More Americans are seeking side hustles as inflation continues to rise, with 40% already investing in their own business.
Two in five, or 40% of Americans, currently have a side hustle, a 2022 poll conducted by Zapier among 2,032 US adults shows.
The number is up from a 2020 Zapier poll of 2,001 Americans that showed one in three, or 34% of Americans had a side hustle.
The number of American’s beginning their new gigs is growing with more than 1 in 3, or 36% have started or plan to start their side hustle. The number is up from 1 in 4 Americans, or 24% in 2021.
Young adults are likely to start a side hustle with Gen Z and Millennials leading the way, according to Zapier.
A poll shows that 60% of the Gen Z population and 55% of Millennials have started a side gig or plan to start a side gig in 2022. Meanwhile, only 35% of the Gen X population and 13% of Boomers plan to start a side hustle.
The Gen Z and Millennial population are likely to already have side gigs in comparison to Boomers and Gen X
Millennials and Gen Z are also likely to lead the way in side hustles in 2022 in comparison to the Boomers and Gen X population
About 2 in 5 Americans make $5,000 or more a year, with 1 in 5 making $15,000 or more.
Nearly half of Americans with side hustles spend less than 10 hours on their gig.
The 2020 poll conducted by Zapier of 2,001 Americans showed that most of the side hustles reported at the time of the COVID-19 pandemic were new. Almost 700 survey participants already had a side hustle.
Two thirds, or 67 percent, of those surveyed started their side gig in the past three years, with 31 percent beginning in 2020.
Poll results showed 24 percent planned on jump starting on a new gig in 2021 – 27 percent were undecided.
The 46 percent with a side hustle said they started their gig hoping to make passive income to diversify their income, save towards a financial goal, or save for a purchase.
Some also said they started their gigs to develop new skills, find a new hobby, and test out a business idea.
The Zapier survey also found parents of minors were nearly twice as likely to have a side hustle in an attempt to make more money and learn skills.
The 46% of Americans with side hustles said they started their gigs to make more money and diversify their income
Some said they started their gigs to develop new skills, find a new hobby, and test out a business idea
More Americans sought to make more money amid the COVID-19 pandemic and as the current financial crisis continues, driven by concerns over high inflation.
The Federal Reserve announced on Wednesday that interest rates will increase by another 0.75 percent – after doing so last month. The 0.75 percent rate hike in June was the biggest increase since 1994.
The move brings the target rate to between 2.25 percent and 2.50 percent.

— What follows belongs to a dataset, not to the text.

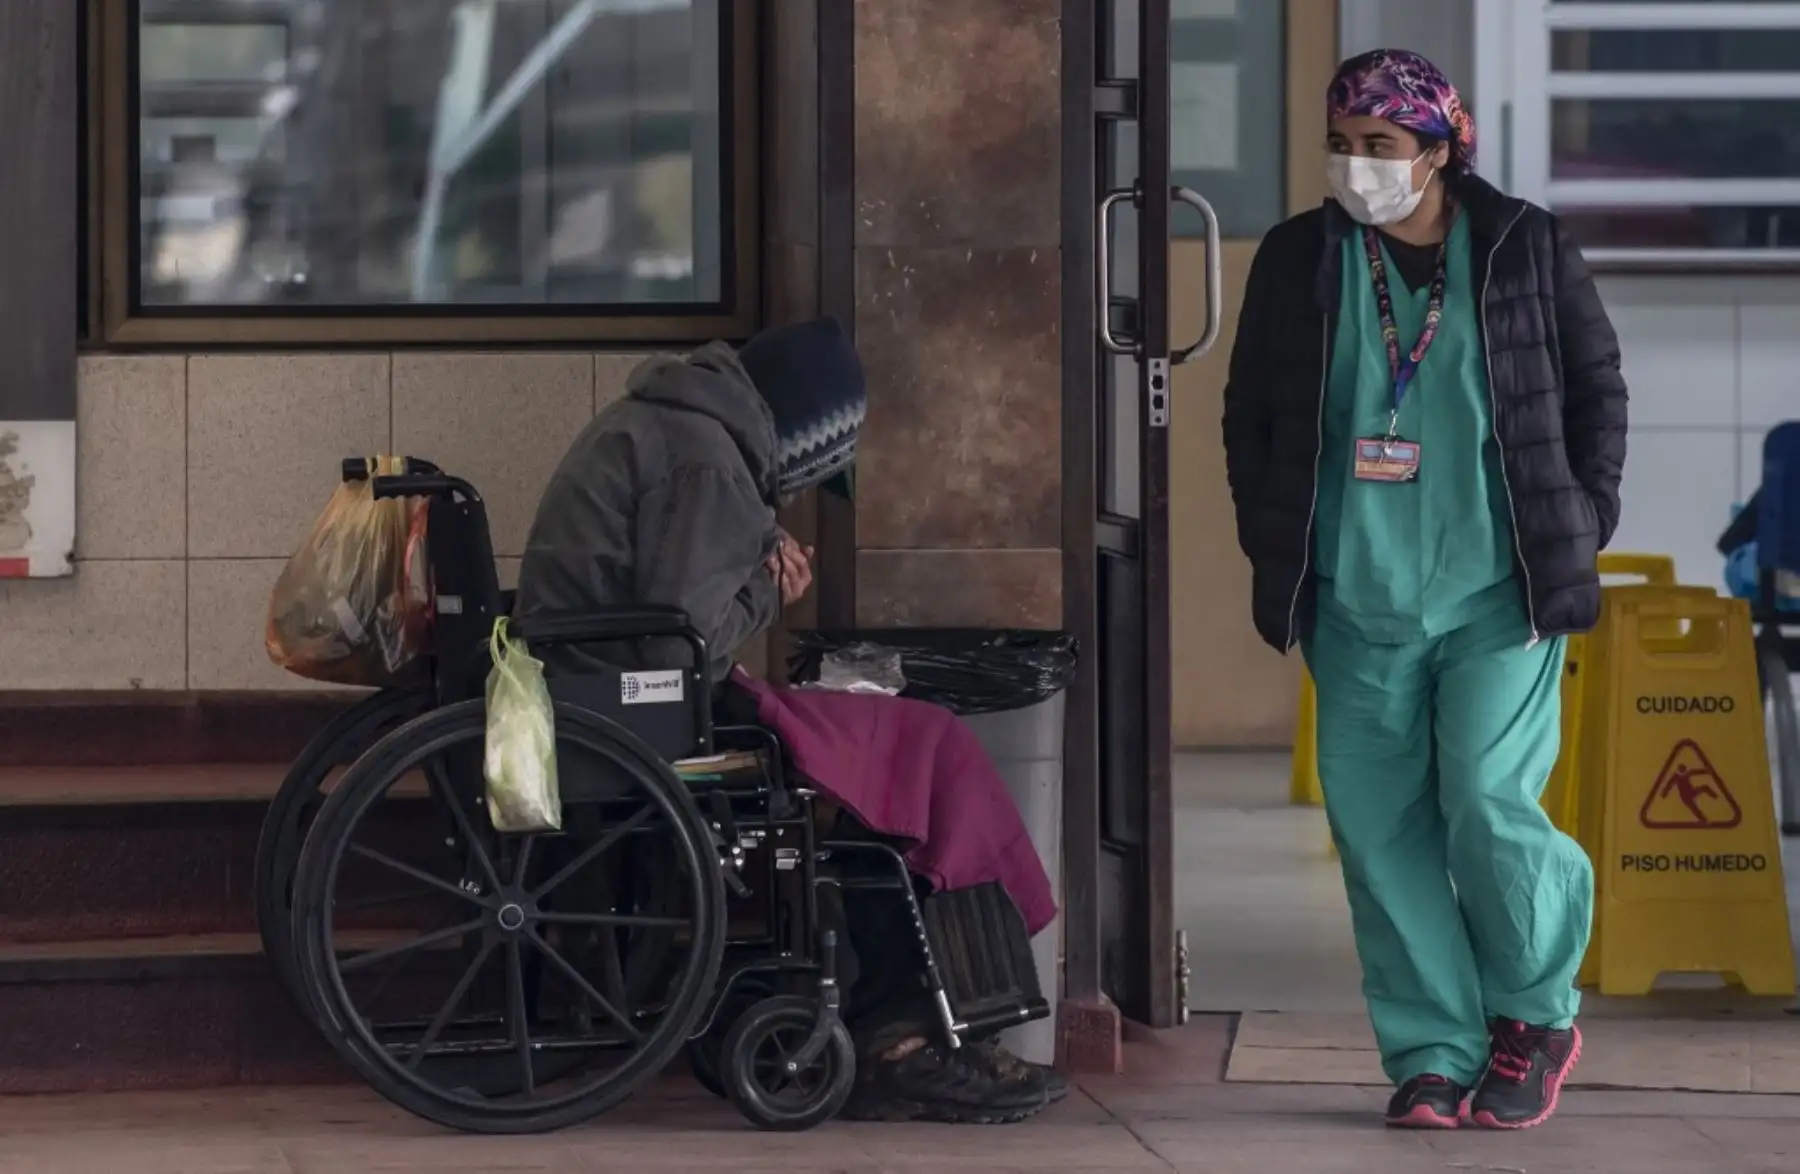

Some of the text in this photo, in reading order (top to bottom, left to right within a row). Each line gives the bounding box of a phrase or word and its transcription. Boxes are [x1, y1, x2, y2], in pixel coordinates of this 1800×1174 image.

[1636, 696, 1734, 713] CUIDADO
[1621, 855, 1766, 871] PISO HUMEDO

The Federal Reserve has raised interest rates four times in 2022 in an attempt to rein in inflation rates that haven’t been seen in 41 years.
Interest rates are the Fed’s key tool in trying to lower inflation from a four-decade high, and the central bank is pursuing an aggressive path of rate hikes after consumer prices jumped 9.1 percent in June from a year ago.

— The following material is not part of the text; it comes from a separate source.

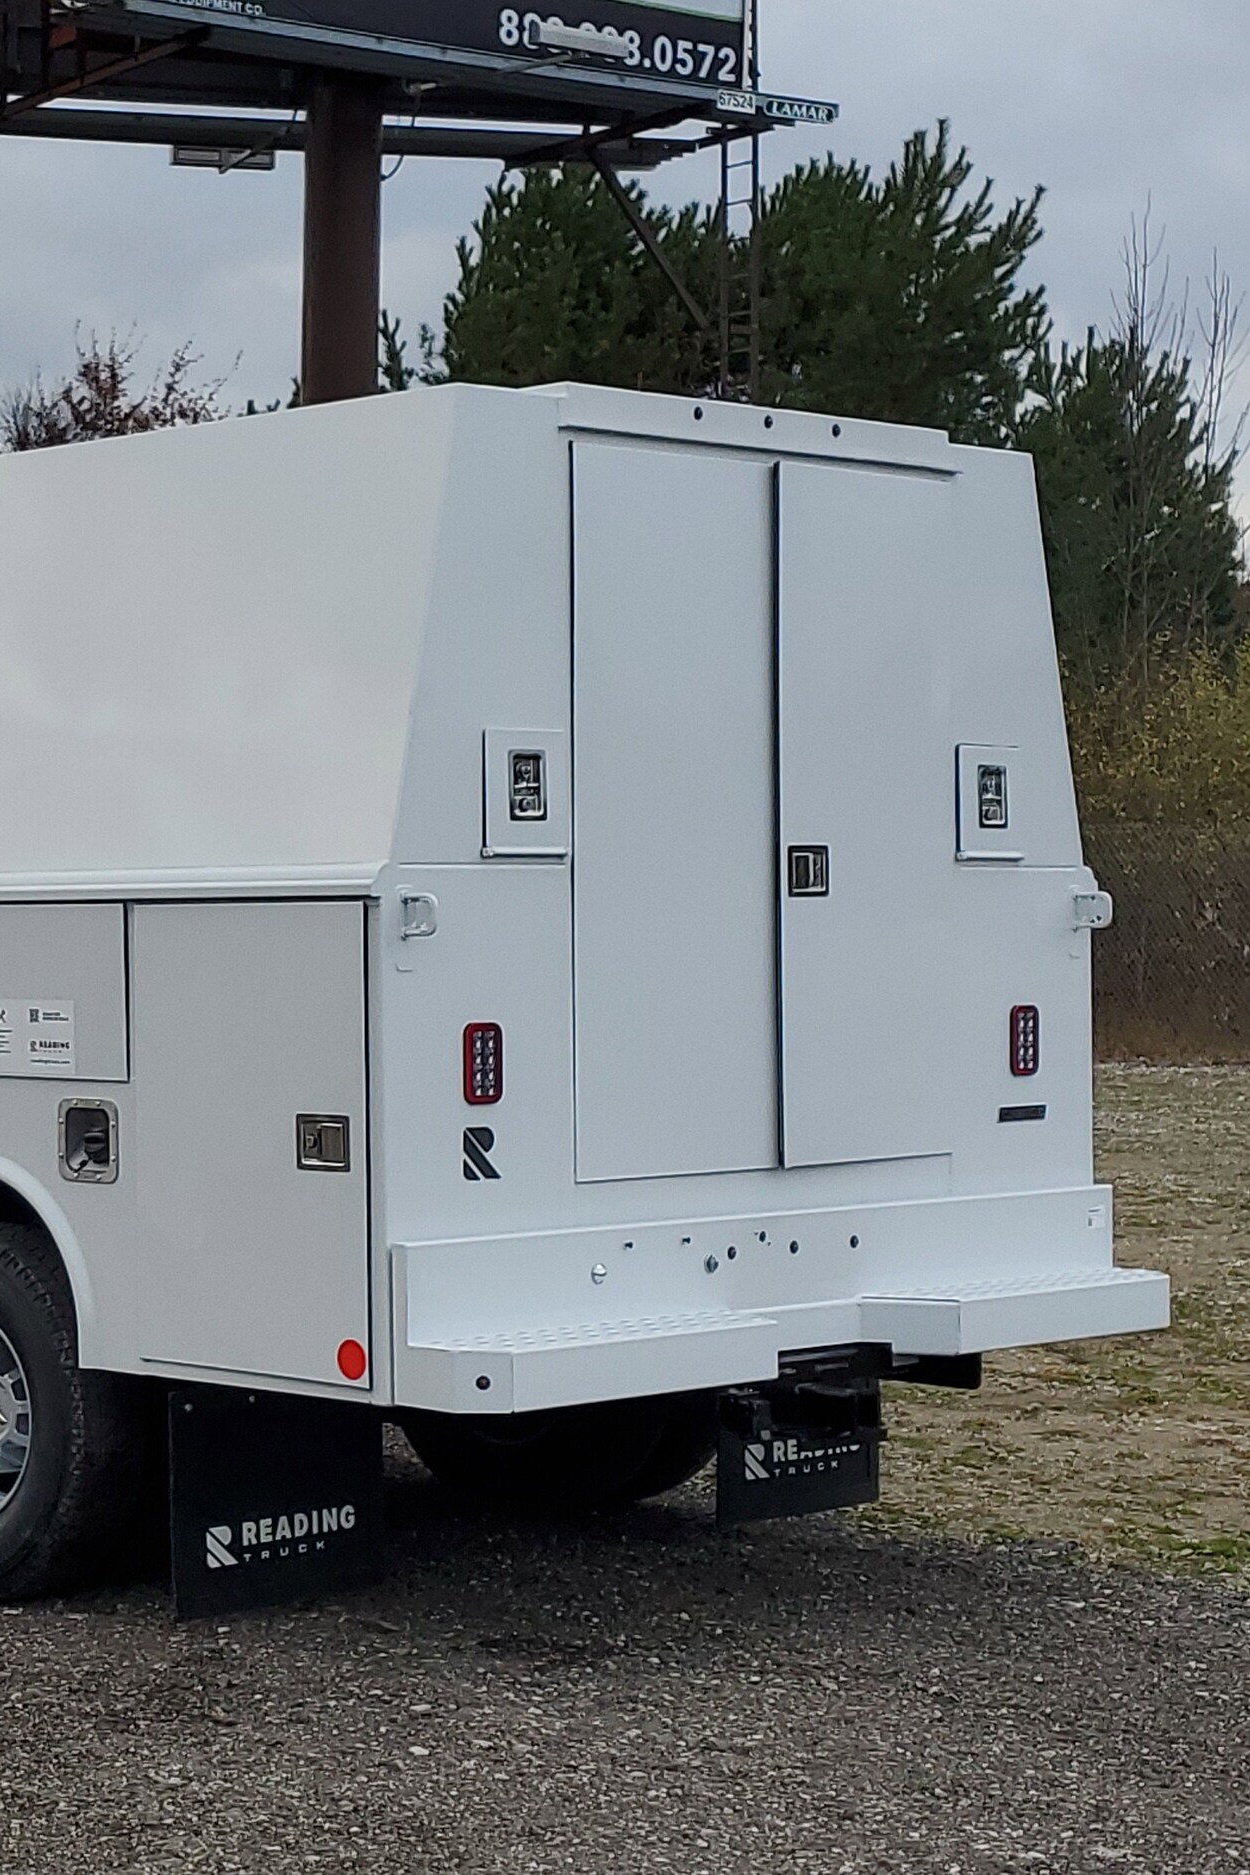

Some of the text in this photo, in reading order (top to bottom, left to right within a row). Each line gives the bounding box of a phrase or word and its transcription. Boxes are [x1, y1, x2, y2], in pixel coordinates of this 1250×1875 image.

The raise will likely impact consumer and business loans, and loan rates for homes, cars, and credit cards.
It represents one of the fastest-ever gear changes in U.S. monetary policy – just over four months ago the policy rate was near zero and the Fed was buying billions of dollars of bonds each month to help the economy recover from the COVID-19 pandemic.
Feral interest rates were raised by 0.75 percent last month, the highest increase since 1994
Inflation hit 9.1% in June, and the Fed is trying to combat rising prices with higher interest rates
But while there has been little progress registered yet in the inflation fight, signs of economic stress are accumulating – and raising the stakes for Fed officials as they weigh just how much tighter monetary policy needs to be to slow price increases against the risk that going too far could trigger a recession.

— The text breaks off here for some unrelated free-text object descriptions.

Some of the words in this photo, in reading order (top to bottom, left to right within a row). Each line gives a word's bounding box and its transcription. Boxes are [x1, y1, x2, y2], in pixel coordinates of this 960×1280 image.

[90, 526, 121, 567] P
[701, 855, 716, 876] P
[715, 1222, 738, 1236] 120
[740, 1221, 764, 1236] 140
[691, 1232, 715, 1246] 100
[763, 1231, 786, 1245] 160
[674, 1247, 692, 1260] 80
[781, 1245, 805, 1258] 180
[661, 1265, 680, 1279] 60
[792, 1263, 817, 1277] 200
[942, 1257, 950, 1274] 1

As the Fed’s impact on the economy becomes more apparent, the issue now is whether it is at risk of overdoing it.
Parts of the U.S. bond market are signaling an increased likelihood of recession, with yields on 2-year U.S.
Treasury notes now higher than they are for 10-year Treasuries, a possible sign of lost faith in near-term economic growth and reflecting a possibility the Fed may be forced to cut rates within a relatively short span of time.